It seems that humans are the only members of the animal kingdom who care about drawing arbitrary lines on a map and then making a big deal about who should or shouldn’t stand on either side of those lines. While fish are not afflicted with this trait, they are often the victims of it. The fish are unaware of the differences in rules, regulations, politics, etc. when they change GPS coordinates.
I am a native (Northern) Californian who for 63 years has fished extensively in California, Oregon and southern Washington. On my sojourns north, I have been (falsely) accused of introducing Tui chub into Diamond Lake, littering highways, catching all of your fish, and even buying up all of the local gasoline. I thank heaven that I have an iron-clad alibi for the day Mt. St. Helens erupted. As for driving up real estate prices, to those looking to buy, I am sorry, and to those who are selling, I say, “you’re welcome.” In all honesty, my accusers (who were probably transplanted Californians) can be counted on one hand.
My point being is that those “comments” came from humans obsessed with lines drawn on a map. Fish swimming in the oceans, bays, and rivers in Washington, Oregon, and California are happily unaware of any such delineations. The problem is, that each state, county, and city that they pass through may have different ideas as to how to treat them, and those ideas may sometimes be at odds with each other.

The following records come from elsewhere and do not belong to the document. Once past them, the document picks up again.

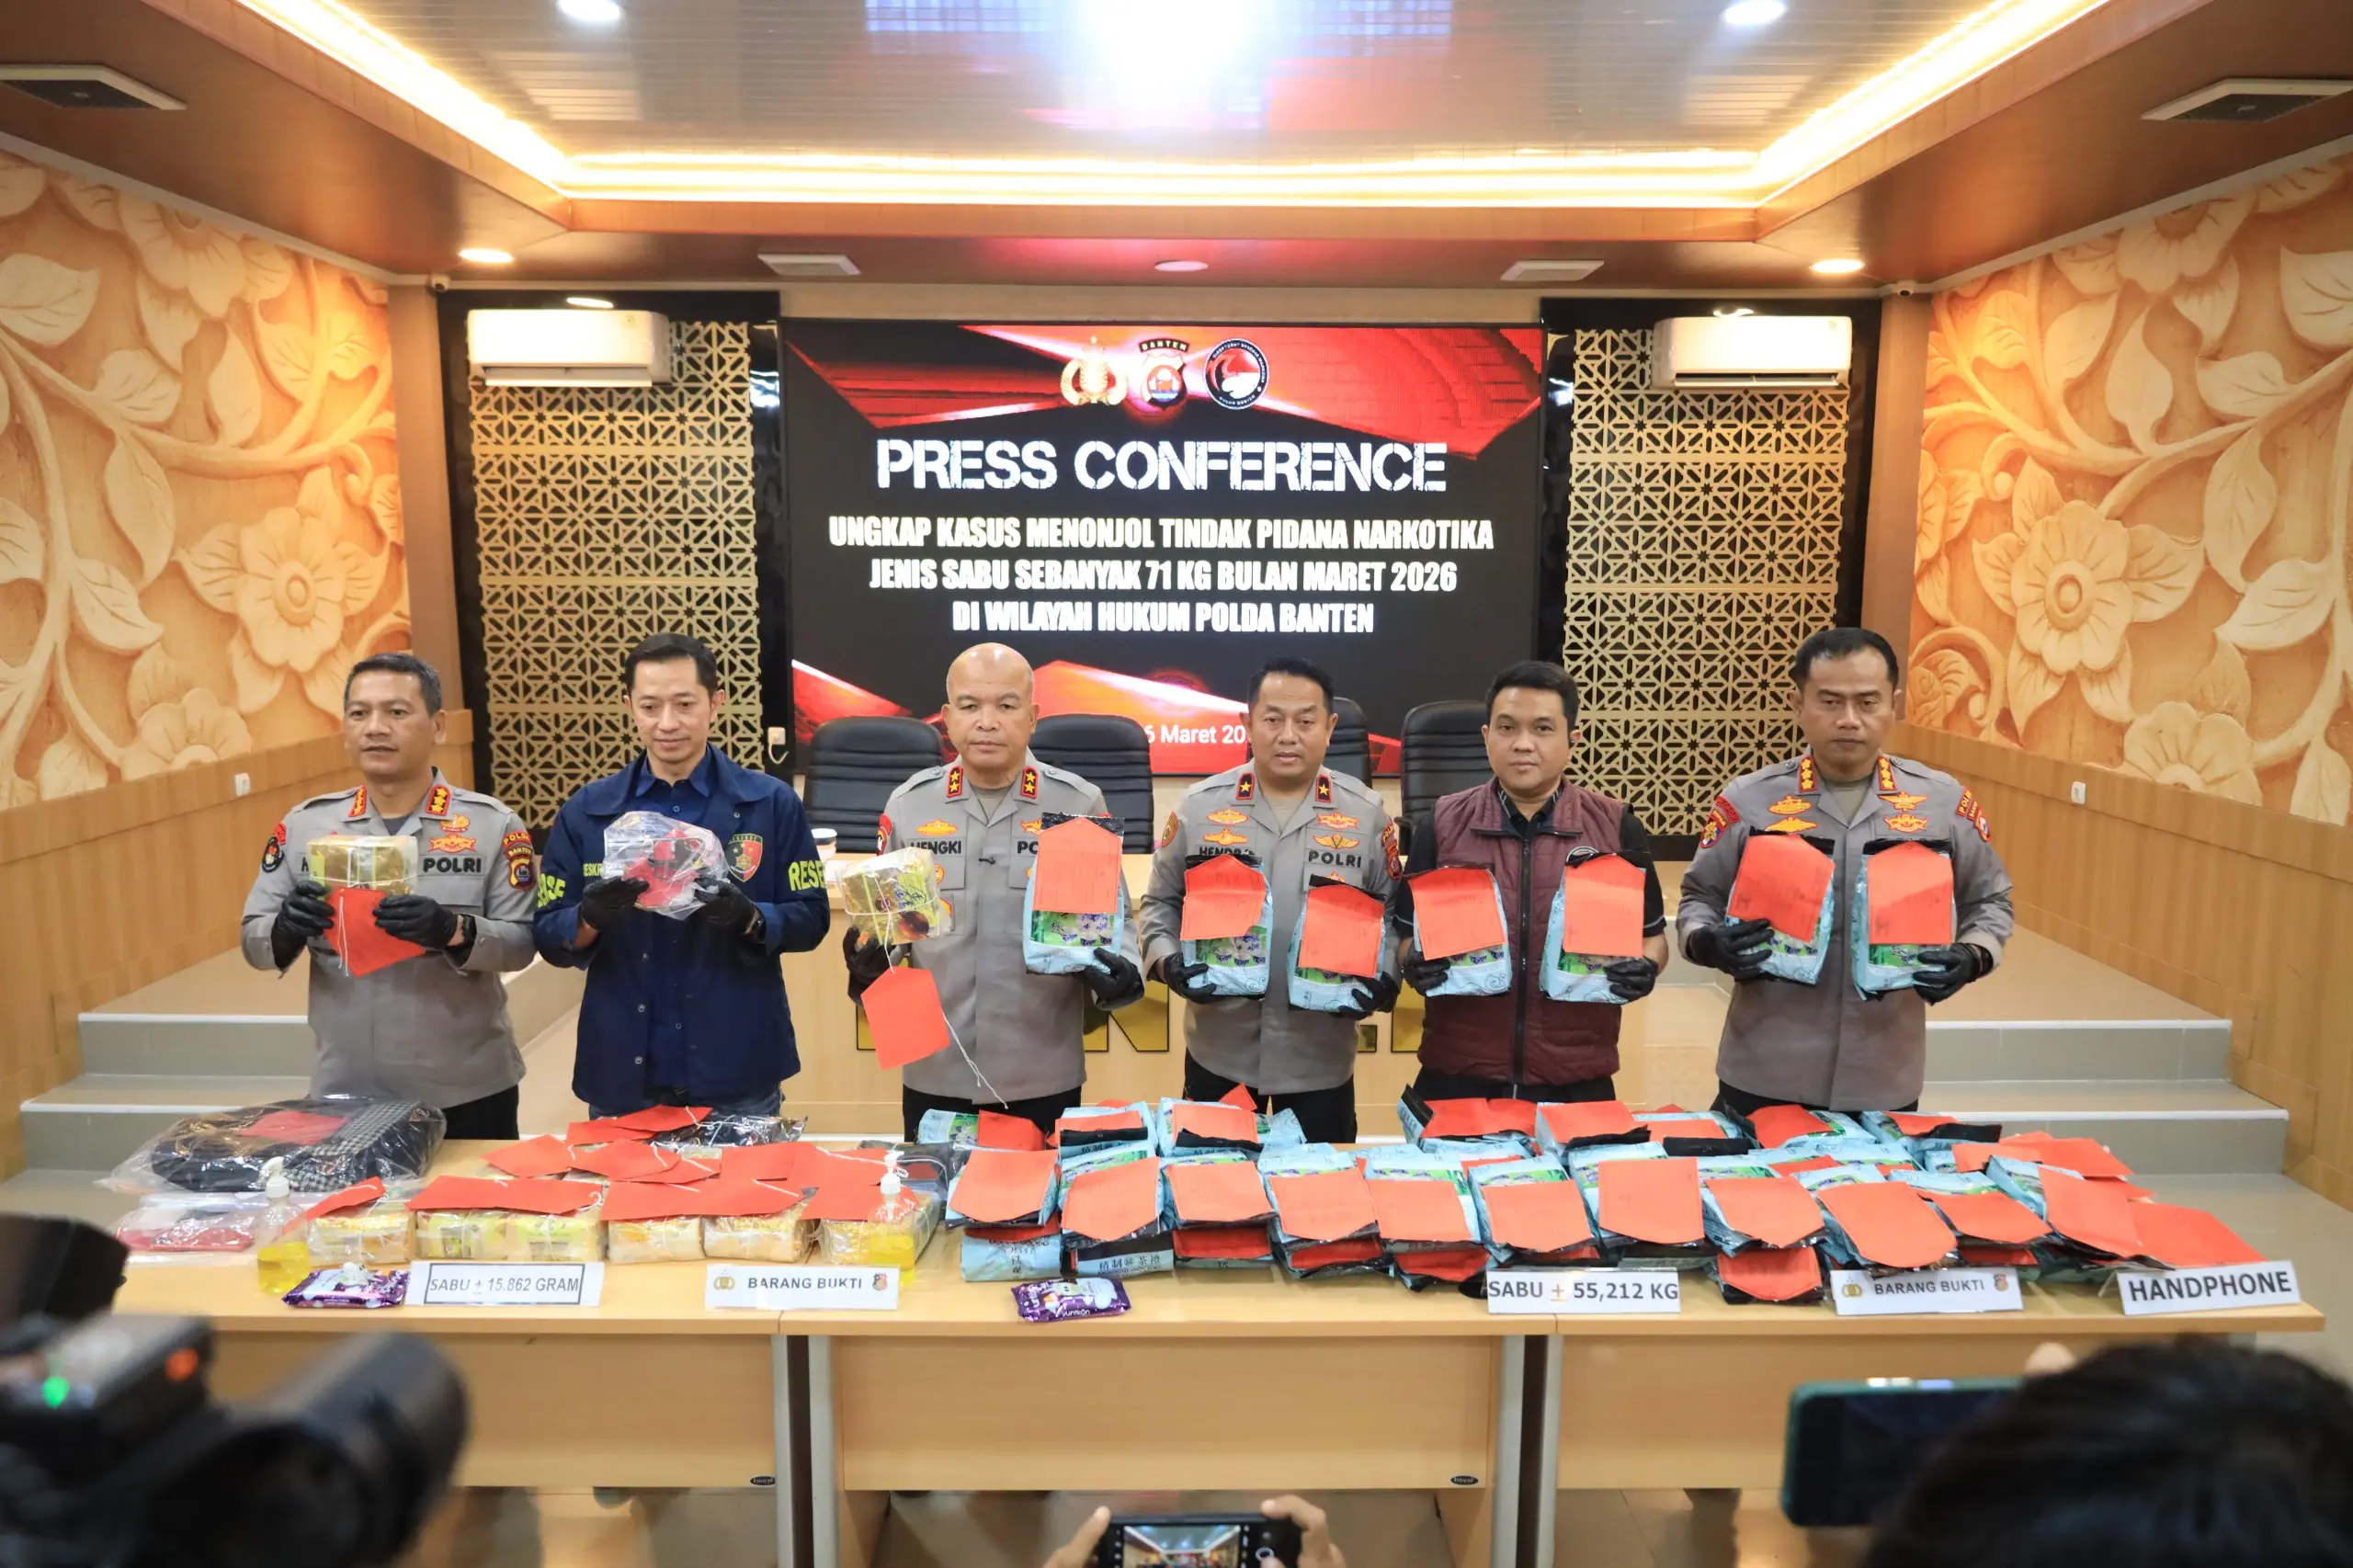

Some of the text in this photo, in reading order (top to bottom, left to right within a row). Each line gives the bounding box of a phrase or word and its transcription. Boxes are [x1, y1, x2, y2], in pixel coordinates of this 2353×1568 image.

[1141, 340, 1188, 351] BANTEN
[877, 439, 1447, 491] PRESS CONFERENCE
[829, 516, 1494, 550] UNGKAP KASUS MENONJOL TINDAK PIDANA NARKOTIKA
[870, 559, 1458, 592] JENIS SABU SEBANYAK 71 KG BULAN MARET 2026
[952, 601, 1374, 632] DI WILAYAH HUKUM POLDA BANTEN
[1161, 725, 1217, 744] Maret
[1222, 725, 1247, 744] 20
[423, 858, 482, 873] POLRI
[1308, 849, 1361, 868] POLRI
[430, 1278, 470, 1291] SABU
[488, 1278, 531, 1291] 15.862
[536, 1278, 578, 1291] GRAM
[748, 1278, 862, 1289] BARANG BUKTI
[1488, 1281, 1543, 1297] SABU
[1574, 1282, 1643, 1301] 55,212
[1651, 1283, 1678, 1299] KG
[1875, 1278, 1985, 1295] BARANG BUKTI
[2128, 1271, 2291, 1301] HANDPHONE

I believe it has been documented that certain salmon caught in the ocean in Oregon were destined for the Klamath River system in California. Sturgeon tagged in the Columbia River have been observed in San Francisco Bay and the Delta. (Most likely there are SF Bay sturgeon in the Columbia River, but it is unknown whether any of them are responsible for driving up real estate prices.) Fishing regulations for salmon and sturgeon are significantly different in Oregon and California, but each affects the other.
I have fished long enough to witness the decline in fisheries in both California and Oregon. Sturgeon, striped bass, and salmon populations in the San Francisco Bay and Delta are fractions of what they were in the 1960’s. I used to fish for salmon at the mouth of the Klamath River in the ‘60’s during August and September. The number of boats and fishermen crammed into a small space were equivalent to what the peak of the Buoy 10 season in Washington looks like today. The amount of salmon caught supported a small shore-side cannery and fish smoking business. A small Coast Guard station was needed to keep the boaters safe. Today, it is a ghost town and the number of salmon swimming upriver are a small remnant of that era.
The decline on the Klamath and other nearby systems has been similar (if not as severe) to declines in Oregon and Washington as well. These declines did not begin or end at state, county, or city borders, but have impacted the fisheries as a whole. It is up to us “humans” to erase those lines on the map and look at an all-inclusive, collaborative solution to the problems.